As for physical hazards, I want to warn you about barns. Just because my job coach found me a job I liked and could do, it doesn't mean that it wasn't a hazard. In fact, I suffered a siginficant injury on the job two years ago, after I'd first started there (fell down the stairs from the hayloft onto a concrete floor). My boss actually paid my medical bills out of pocket because being classed as an AGRICULTURAL CONTRACT WORKER I was not entitled to legal rights in regards to on the job injuries! I'm serious! (I'm actually still getting some harassing phone calls from the local hospital's billing department over payment for the ambulance ride which was supposed to have been taken care of years ago, but that's another story).
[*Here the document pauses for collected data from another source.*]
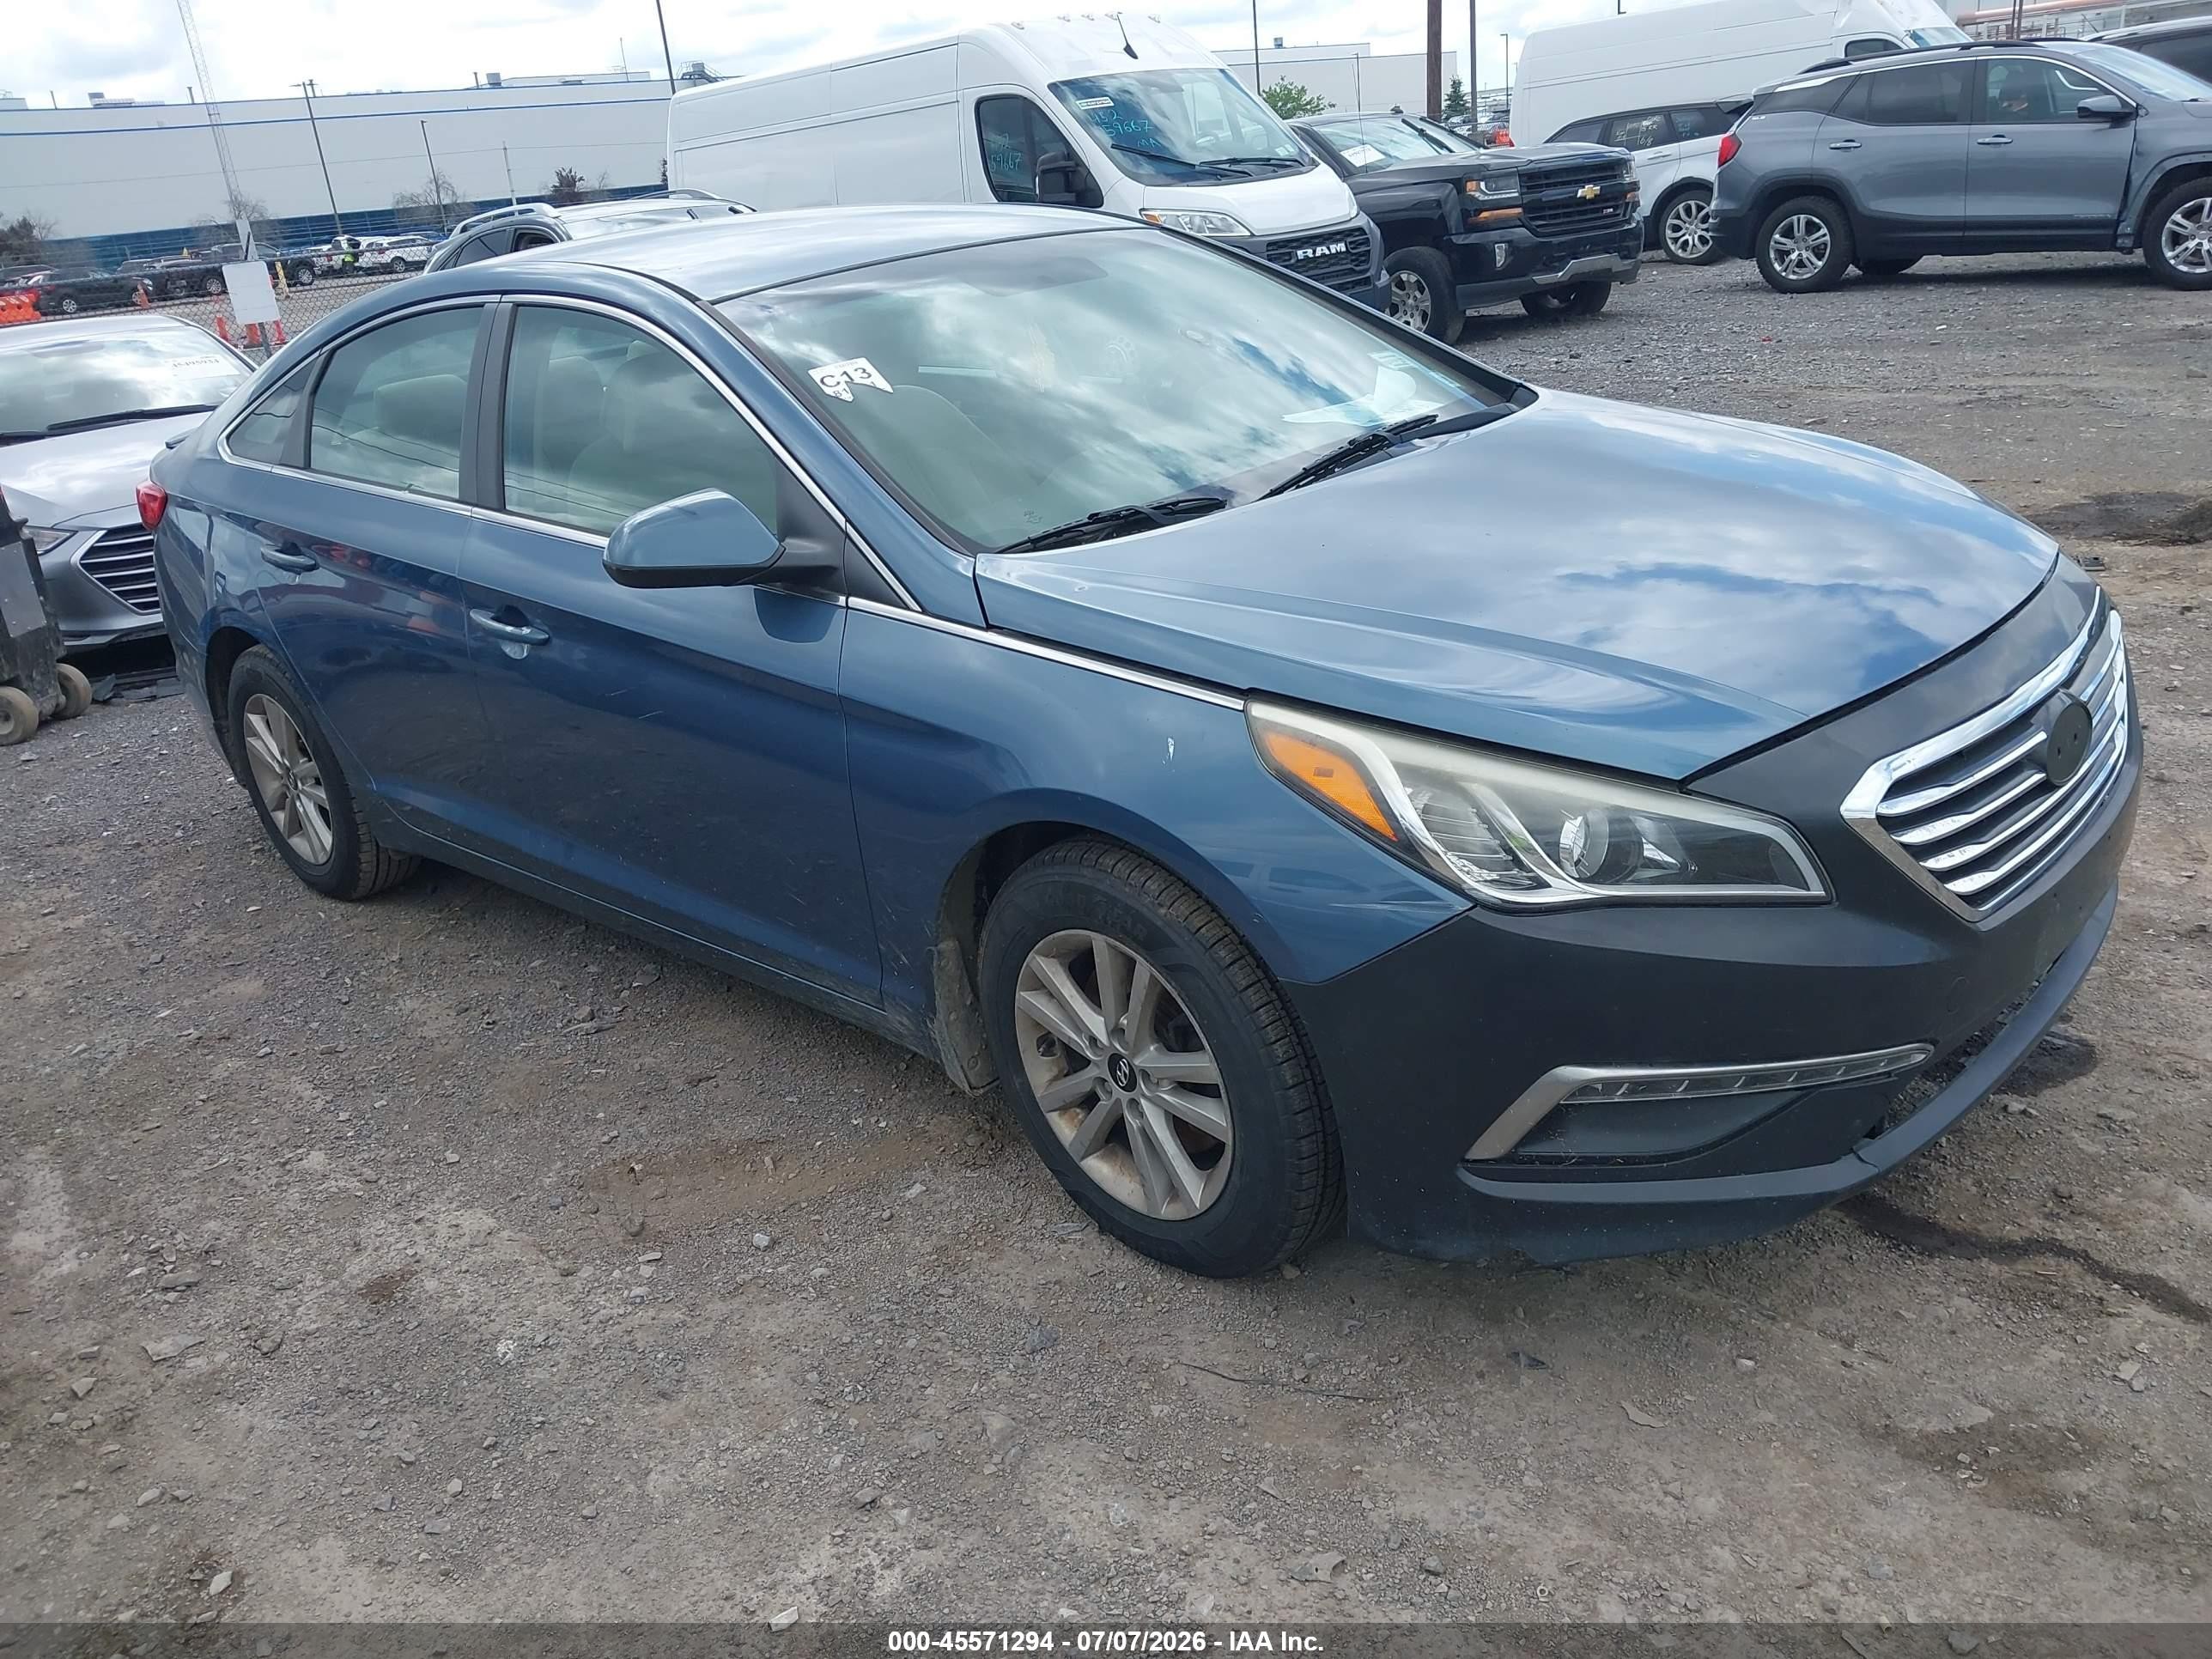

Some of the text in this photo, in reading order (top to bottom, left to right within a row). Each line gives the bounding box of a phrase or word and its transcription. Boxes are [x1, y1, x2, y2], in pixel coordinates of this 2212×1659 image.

[1088, 109, 1123, 124] 452
[1101, 120, 1154, 137] 59667
[1297, 242, 1346, 259] RAM
[819, 367, 872, 388] C13
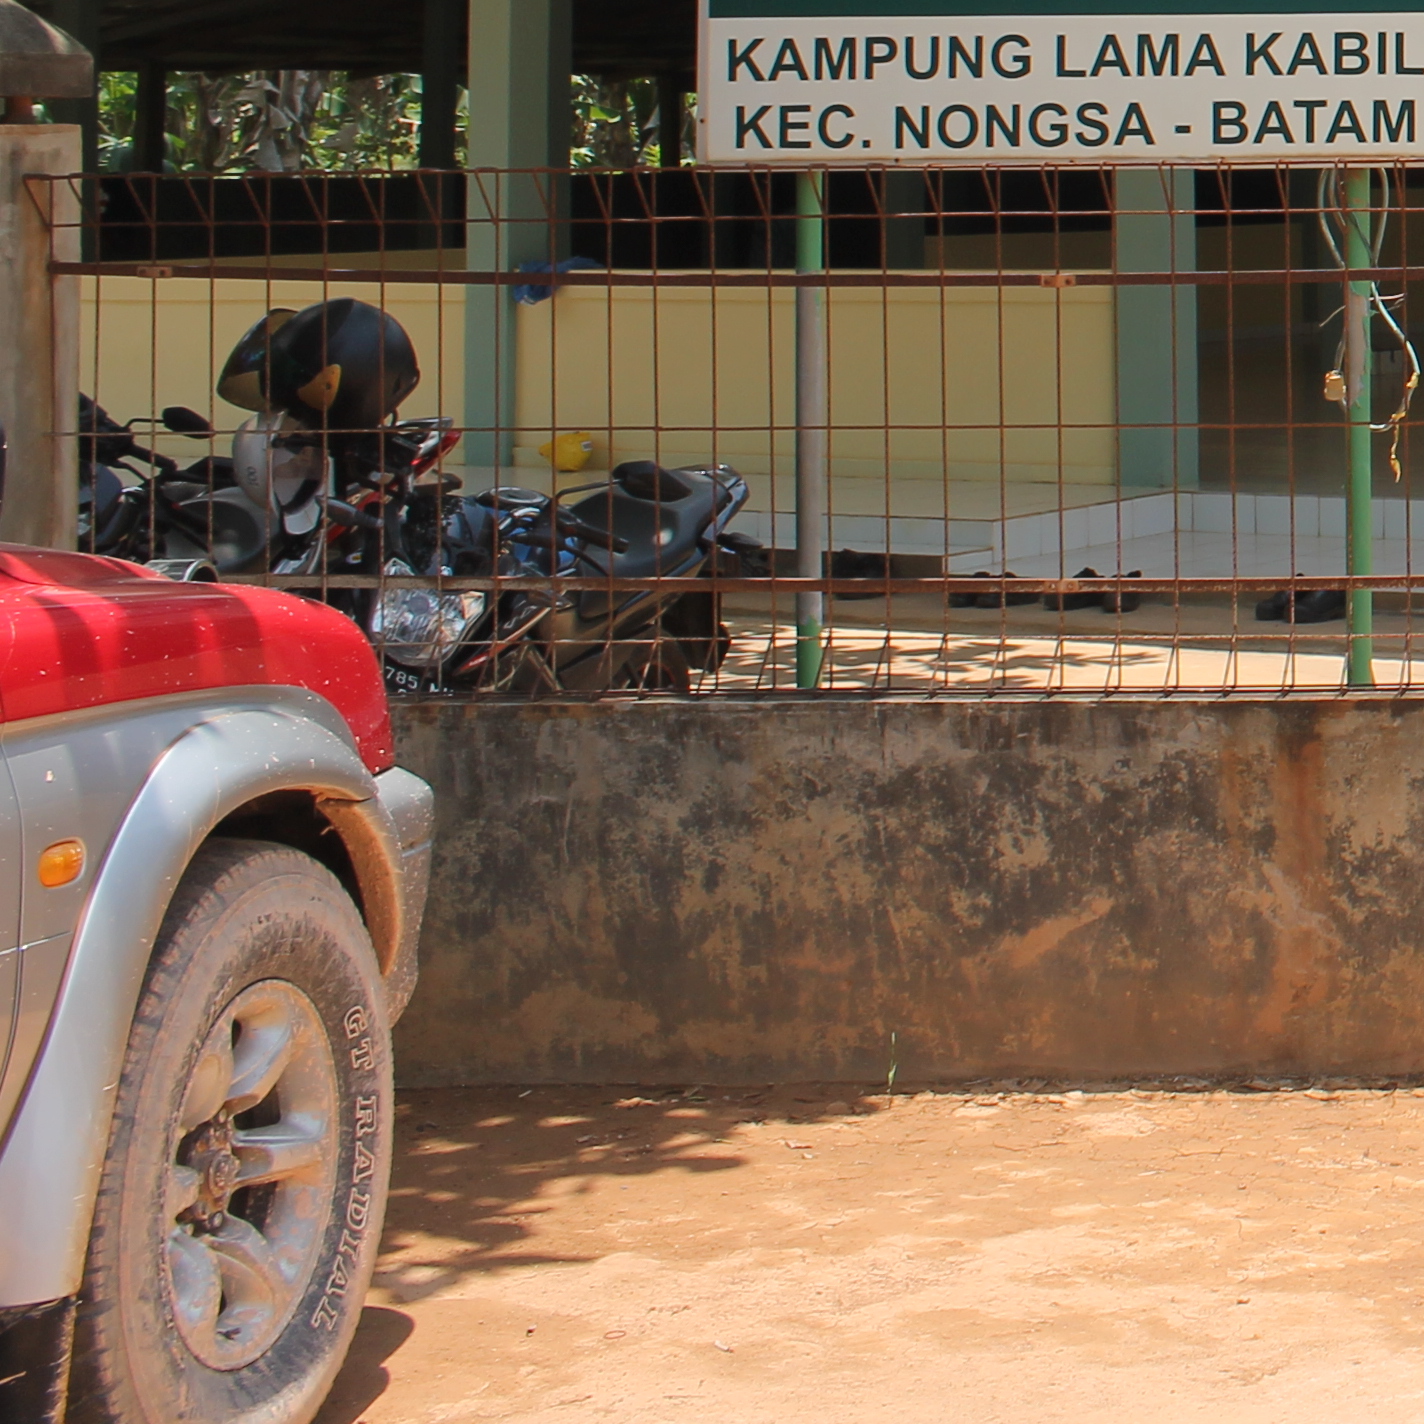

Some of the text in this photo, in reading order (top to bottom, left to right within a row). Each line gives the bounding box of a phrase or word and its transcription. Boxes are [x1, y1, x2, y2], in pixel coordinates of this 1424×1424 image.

[727, 34, 1032, 82] KAMPUNG
[1056, 33, 1226, 78] LAMA
[735, 103, 873, 149] KEC.
[895, 102, 1155, 150] NONGSA
[1212, 99, 1416, 145] BATAM
[310, 1005, 378, 1332] GT RADIAL
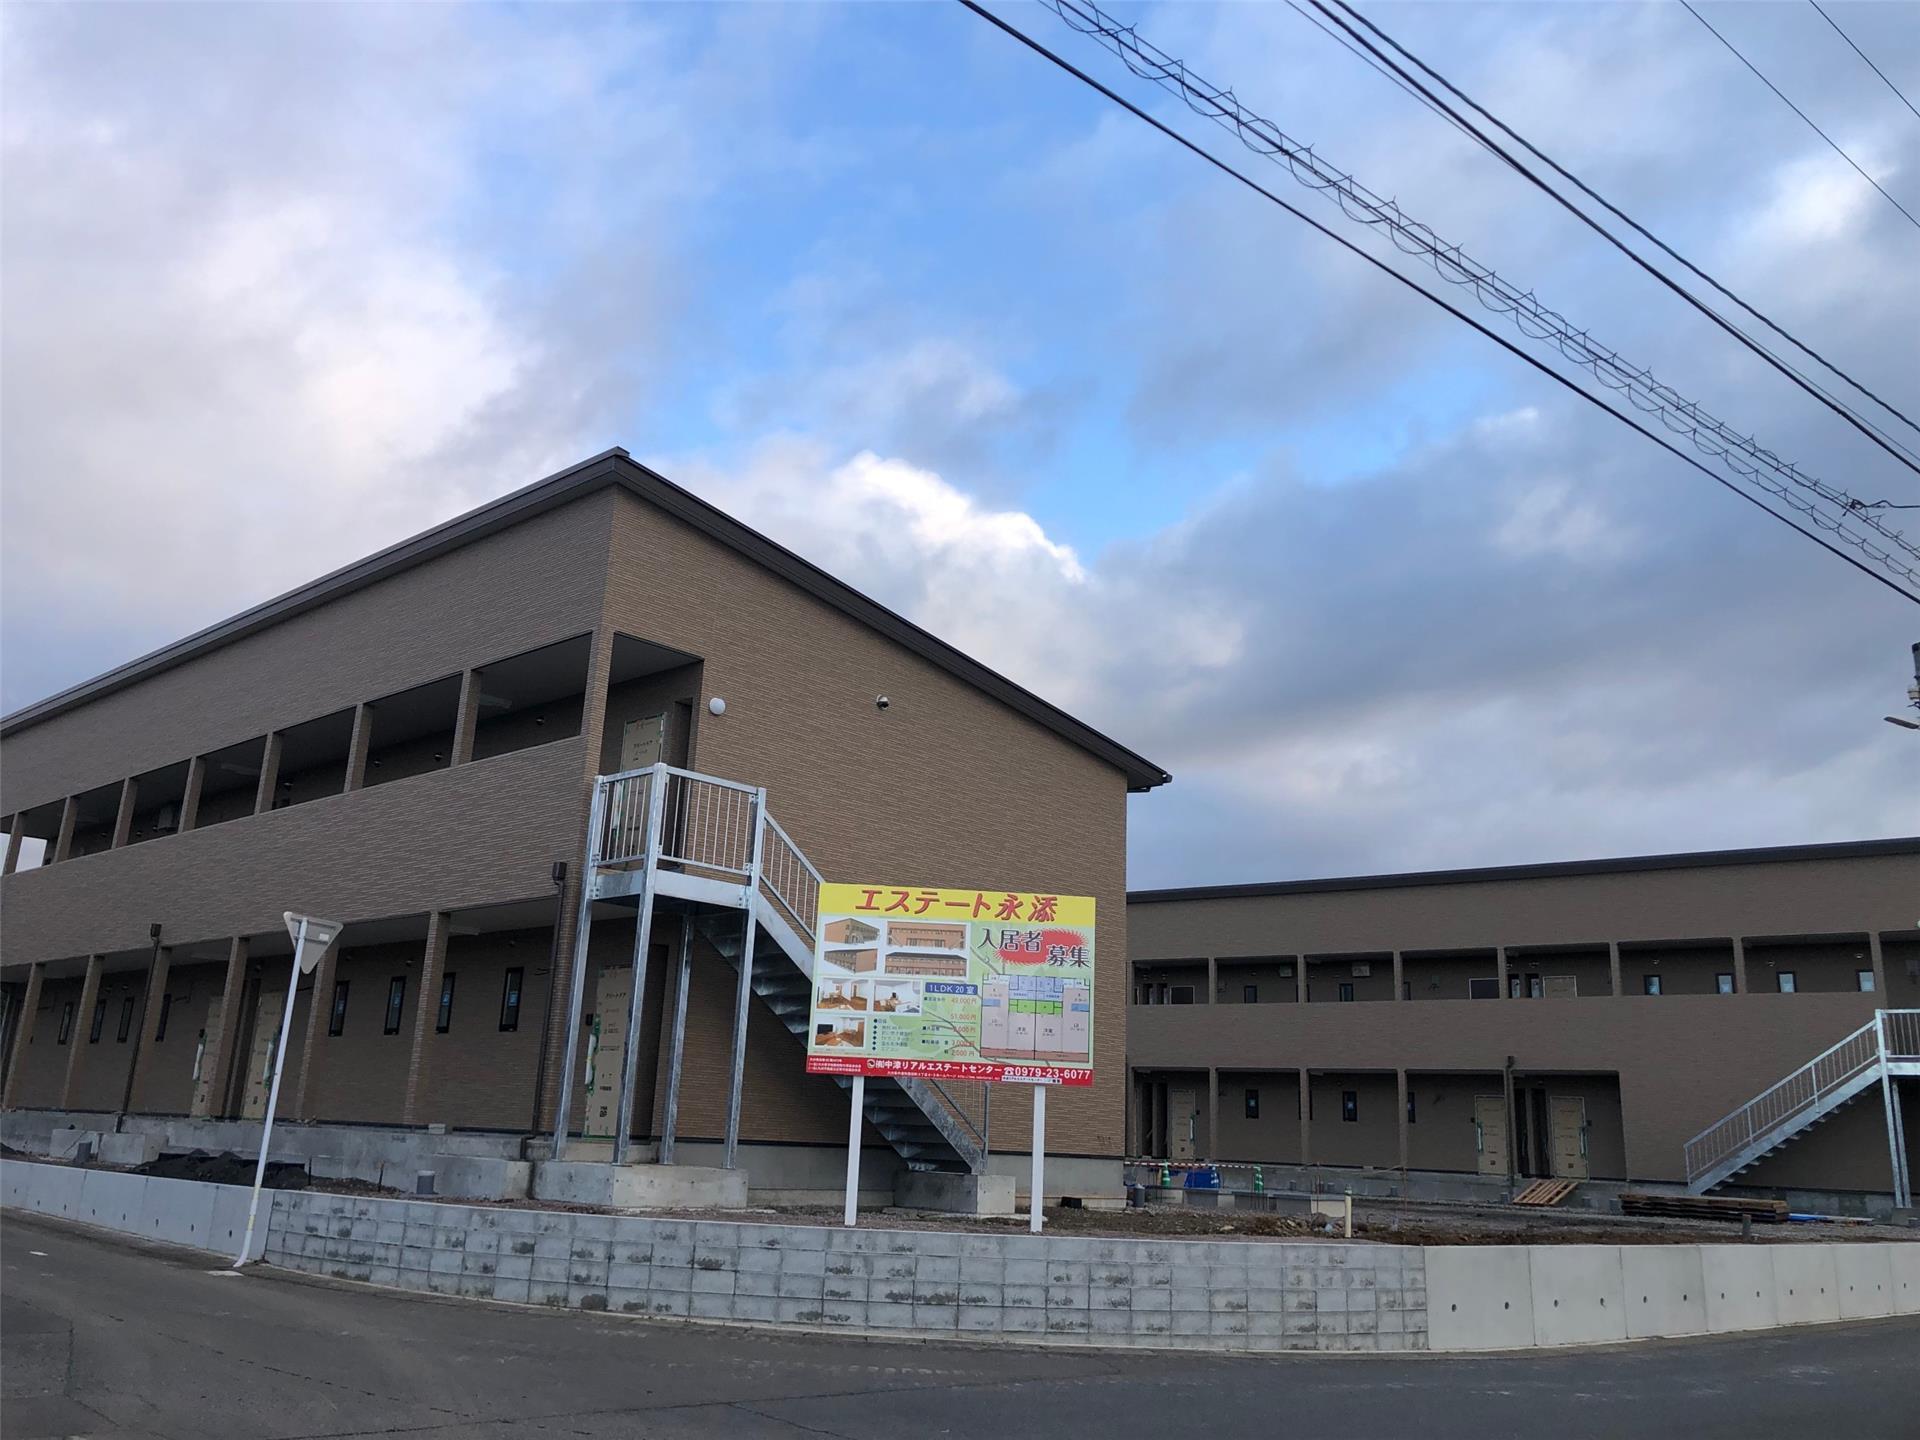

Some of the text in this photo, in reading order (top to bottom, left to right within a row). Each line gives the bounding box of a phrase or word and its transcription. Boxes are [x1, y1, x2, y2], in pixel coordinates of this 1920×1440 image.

DeleteThe major brunt of the bills... I would have been SOL if I hadn't had a boss who was both indepedantly wealthy and kind. (Like I said over the firing, it was her husband's word, not hers... from what I hear, I think she wanted to keep me...)
Just letting you know that. At least in my state, (Pennsylvania) agricultural workers do not have much, if anything, in the way of actual rights - I think it may actually be across the U.S., too.
All a horse farm, for example, has to do in the way of precautions and safety measures is post an official sign somewhere where people can see it warning them that they take on liability/risk. While I think this law was originally drafted to keep farm owners from behing sued by the bratty rich kids who take riding lessons from them, it seems like even the best of farms I've ever worked at applies it to their employess in that any job that is complicated and/or dangerous and common sense would tell you should be done by two people - gets done by one just becuase it's cheaper to hire/pay a single person and hope nothing bad happens and, well, if something does... they aren't legally *required* to be kind about it, and if your boss is, you luck out.
So, barns, farms - take the job if you want it, but be aware of the risk.
Yeah, this parallels what i've read in immigrants' rights news. I should be surprised that it's not much different for citizens than for undocumented, but knowing even a little about working conditions at that end of the spectrum, i'm not.